Benzene is a chemical converted into many substances and polymers used to create everyday products like clothing, paints, windows, plywood, and compact discs. Benzene, as it exists in these products, is harmless. However, Benzene in chemical form ranks among the top ten on the CERCLA Hazardous Substance List. Every year, more than 300,000 Americans are exposed to the chemical toxin Benzene. As a result of this exposure, more than 10,000 deaths occur in the United States each year.

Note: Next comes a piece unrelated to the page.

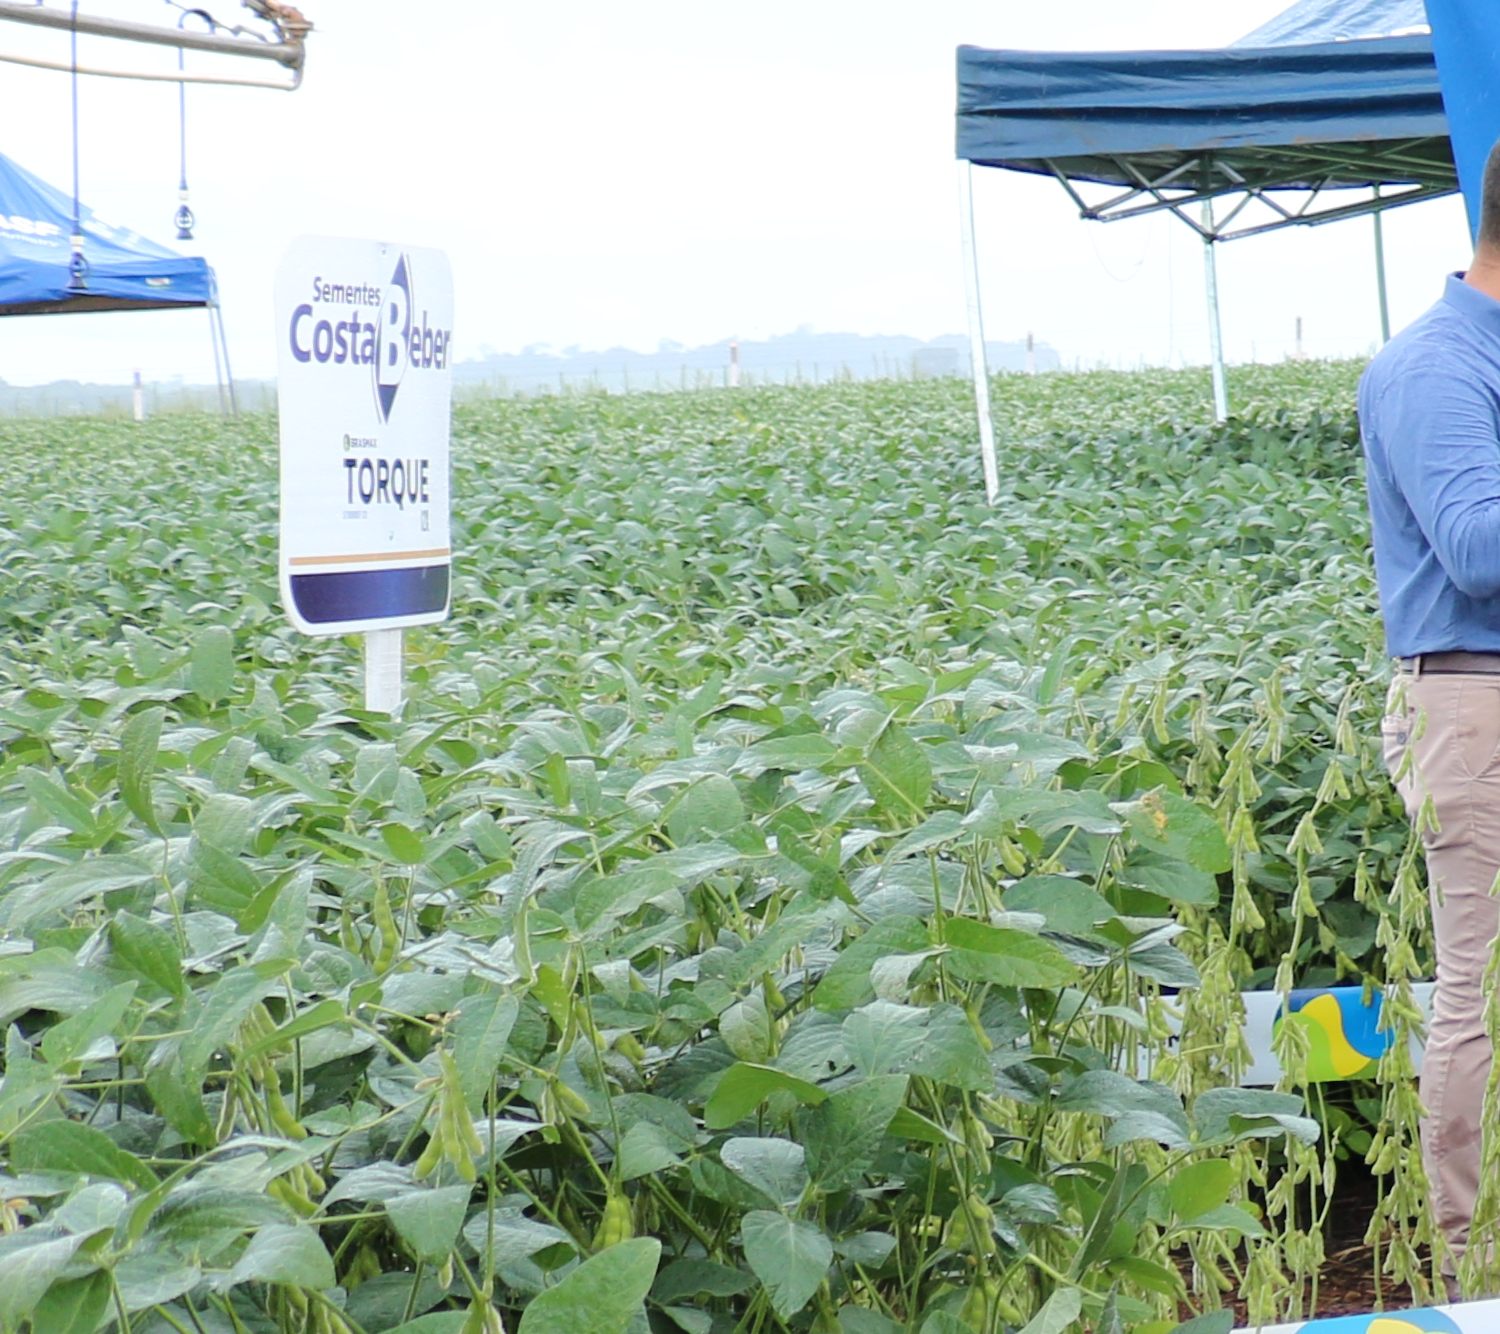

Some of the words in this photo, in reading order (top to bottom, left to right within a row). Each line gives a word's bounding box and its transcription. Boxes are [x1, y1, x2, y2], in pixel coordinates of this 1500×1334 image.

[312, 276, 382, 307] Sementes
[289, 303, 376, 366] Costa
[377, 284, 451, 385] Beber
[343, 457, 430, 511] TORQUE

Benzene has been linked to a number of debilitating side effects. Benzene is a carcinogen that is capable of forming multiple types of cancer in humans, including Leukemia. Inhaling Benzene vapors can cause immediate death and other exposures to the chemical have been linked to reproductive harm and aplastic anemia. Short-term exposure has been linked to irritation of the eyes, skin, nose, and throat, dizziness, nausea, convulsions, and even death. 6. Rapid heart beat 7. Sudden death
People working in industries that make or use Benzene may be exposed to the highest levels of the chemical. Painters, chemical workers, gasoline distributors, refinery workers, printers, newspaper press workers, and those employed in the rubber, pesticides, paper, and adhesives industries are often the most at risk due to the high levels of Benzene found in the products with which they work. Respirators, gloves, and safety clothing can reduce, but cannot eliminate, the threat of Benzene exposure.

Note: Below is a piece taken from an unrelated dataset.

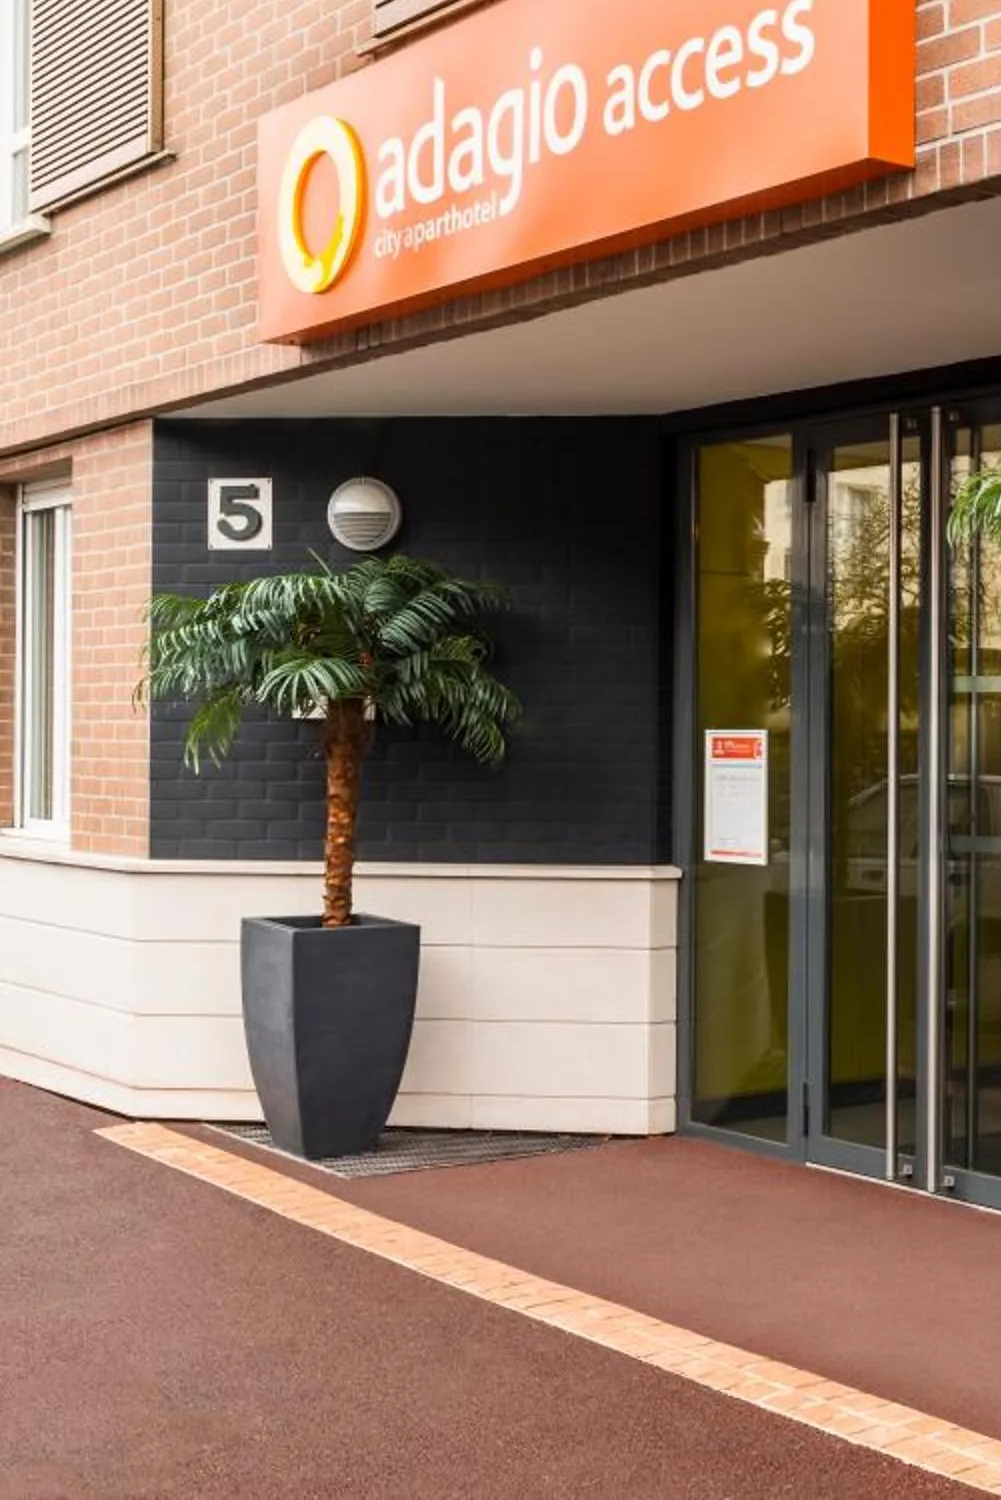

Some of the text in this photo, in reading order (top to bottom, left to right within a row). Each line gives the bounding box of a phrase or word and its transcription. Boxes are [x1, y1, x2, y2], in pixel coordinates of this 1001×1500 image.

[375, 46, 588, 217] adagio
[374, 189, 497, 260] city aparthotel
[217, 483, 263, 541] 5
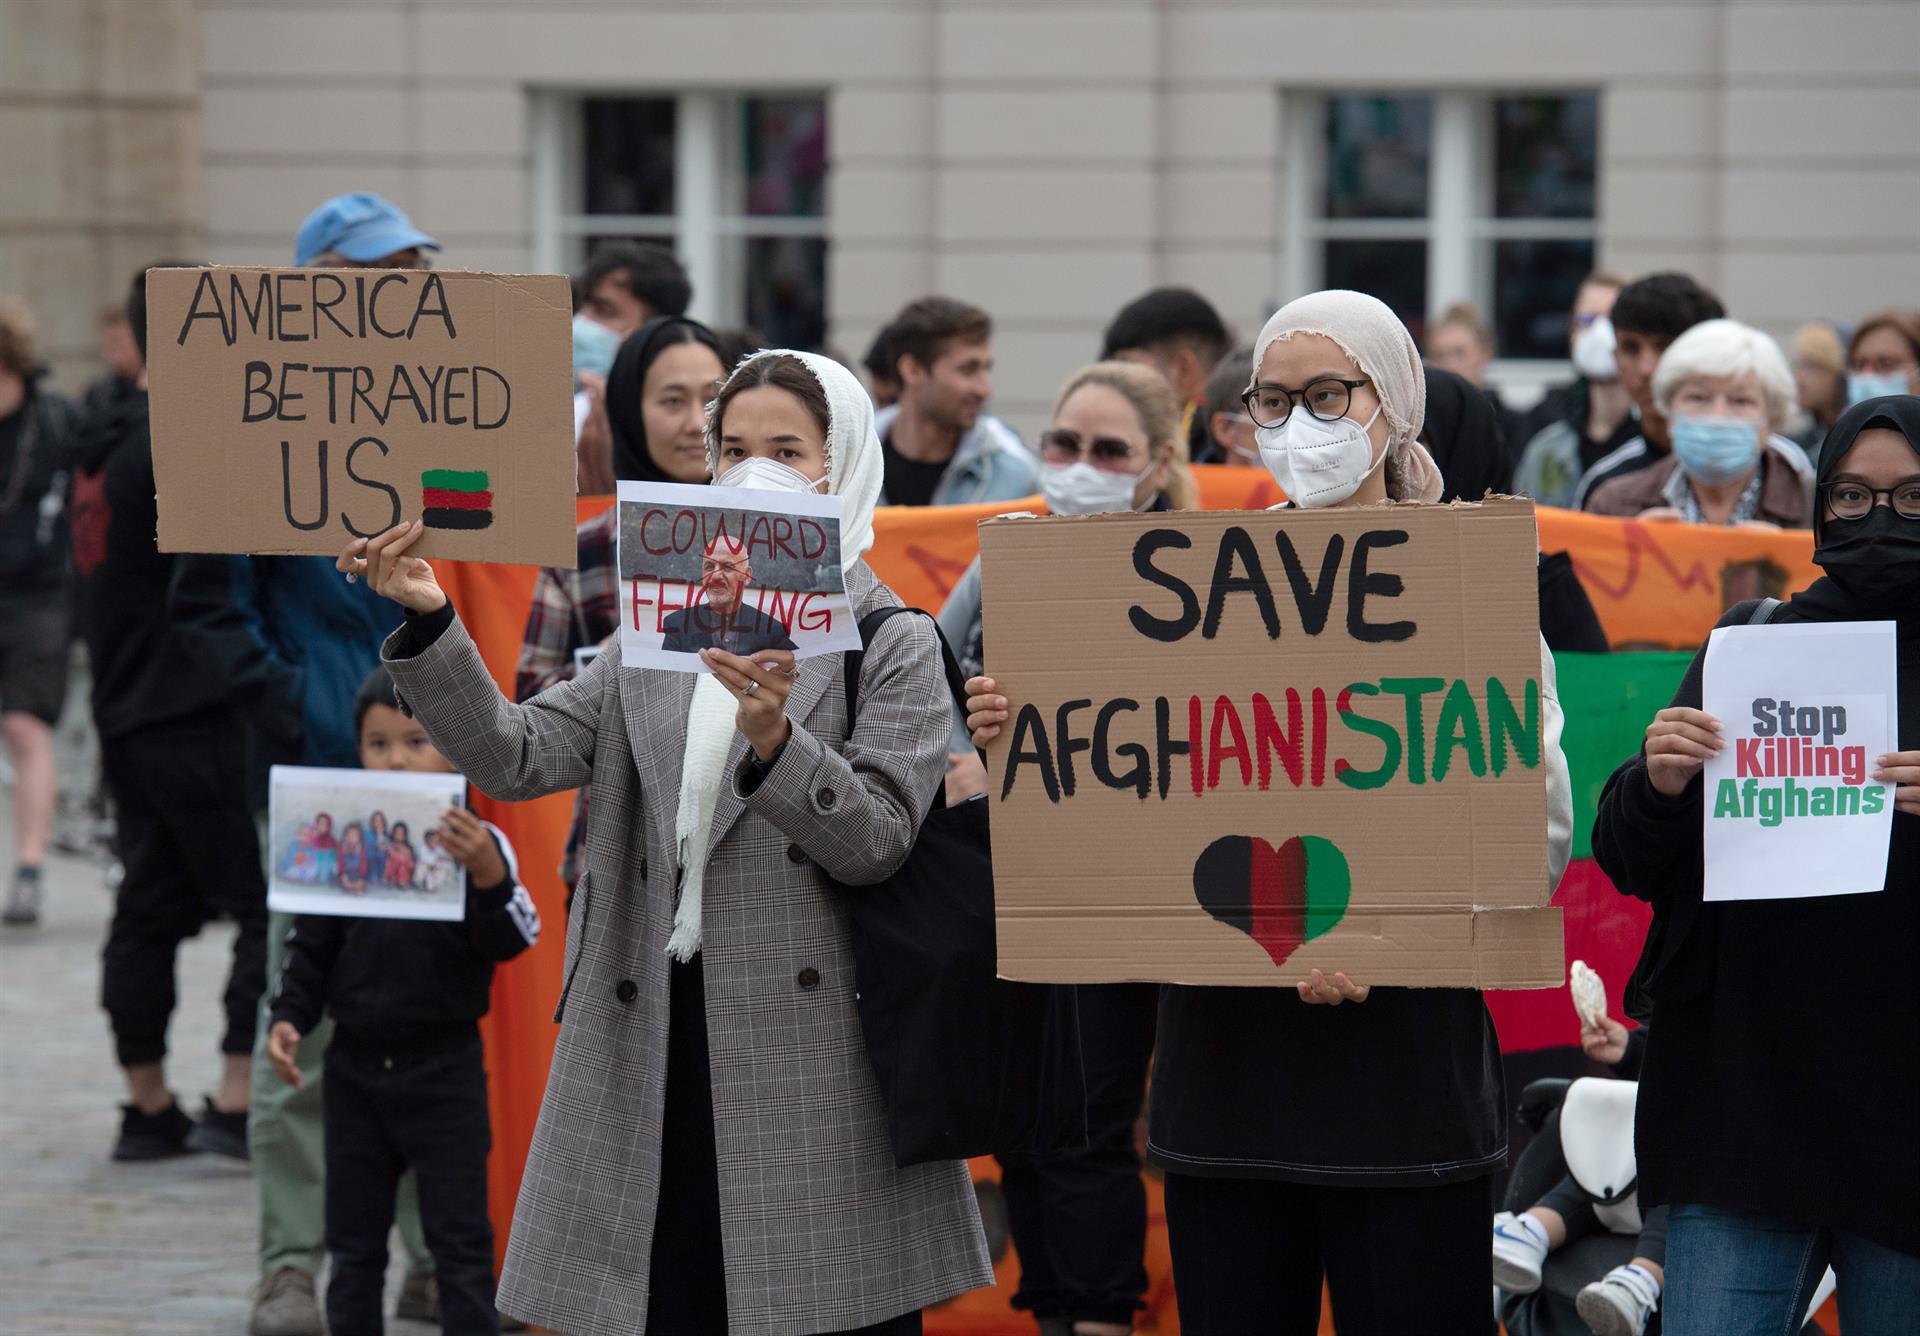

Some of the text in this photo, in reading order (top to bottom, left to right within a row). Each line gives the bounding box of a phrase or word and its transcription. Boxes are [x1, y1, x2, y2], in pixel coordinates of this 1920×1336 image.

Though many instances of exposure occur in the workplace, Benzene exposure is not merely an occupational hazard. Outdoor air contains detectable levels of Benzene from tobacco smoke, gas station emissions, automobile exhaust, and industrial pollution. The presence of glues, paints, furniture wax, and detergents may lead to the presence of higher levels of Benzene in indoor air.

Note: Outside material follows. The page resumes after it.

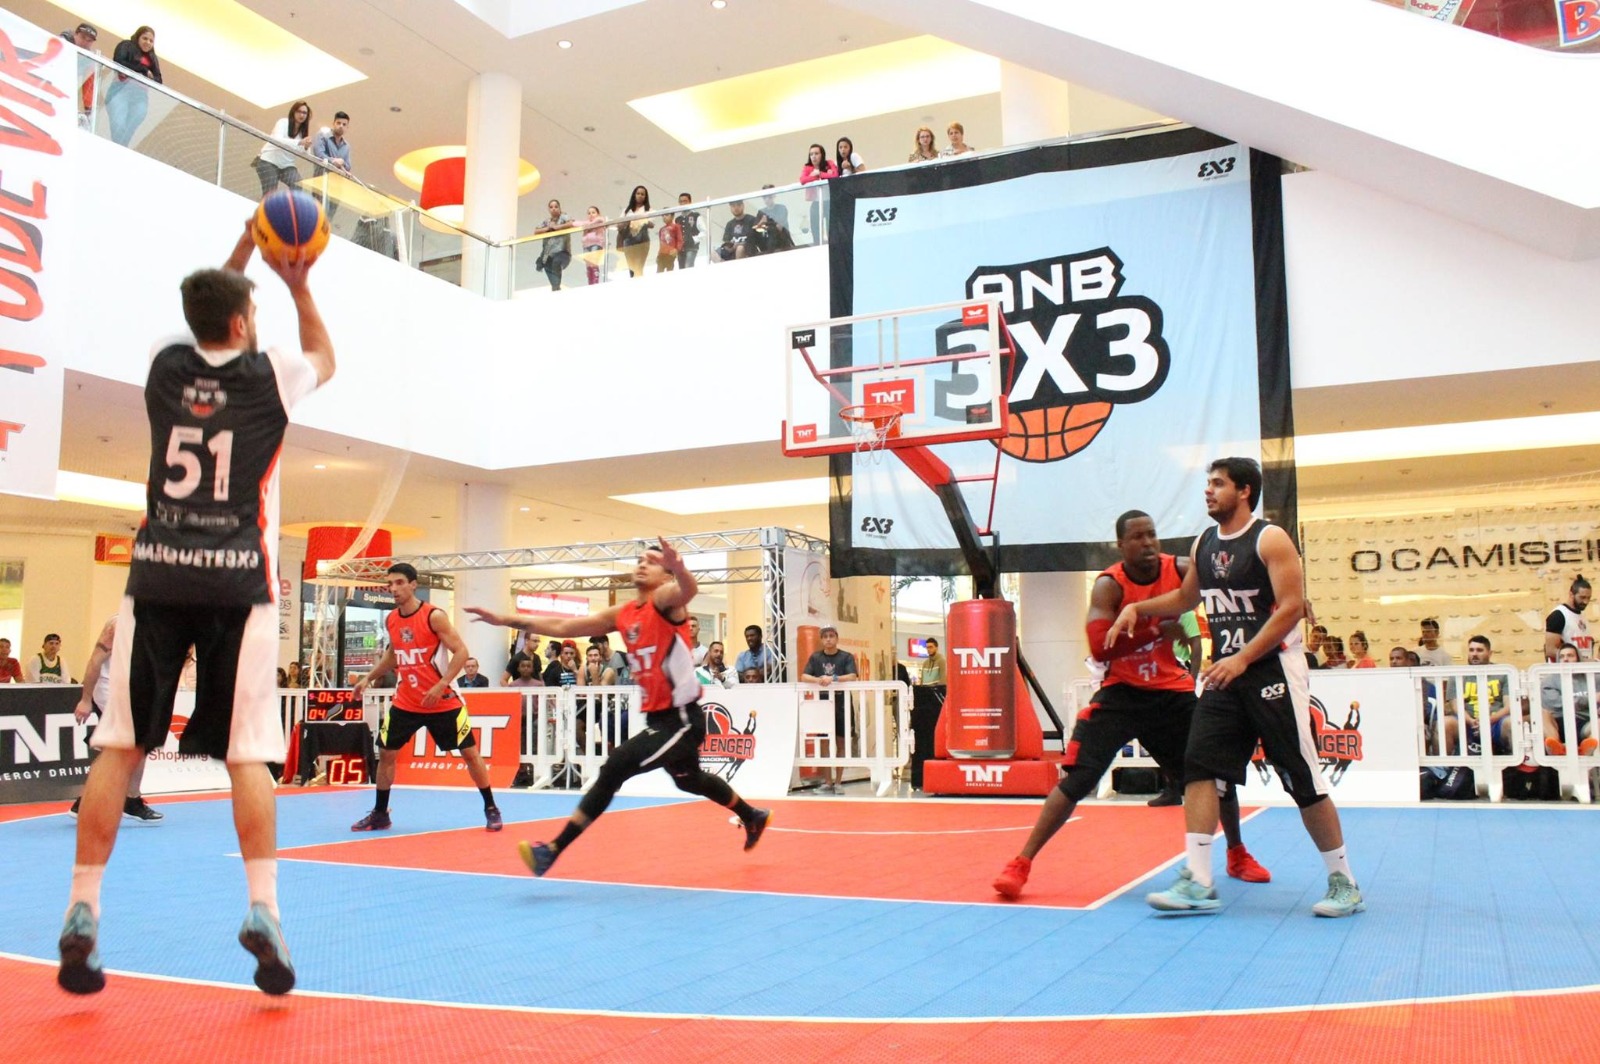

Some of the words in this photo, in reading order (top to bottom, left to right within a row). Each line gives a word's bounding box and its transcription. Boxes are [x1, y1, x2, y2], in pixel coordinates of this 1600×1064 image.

Significant levels of Benzene are found in tobacco smoke, thus smokers and those in the immediate area of smokers are at a high risk of exposure. Not surprisingly, the atmosphere around service stations and hazardous waste sites will generally contain significant levels of Benzene. Seepage from underground storage tanks, garbage dumps, or from hazardous waste sites can result in Benzene contamination of well water.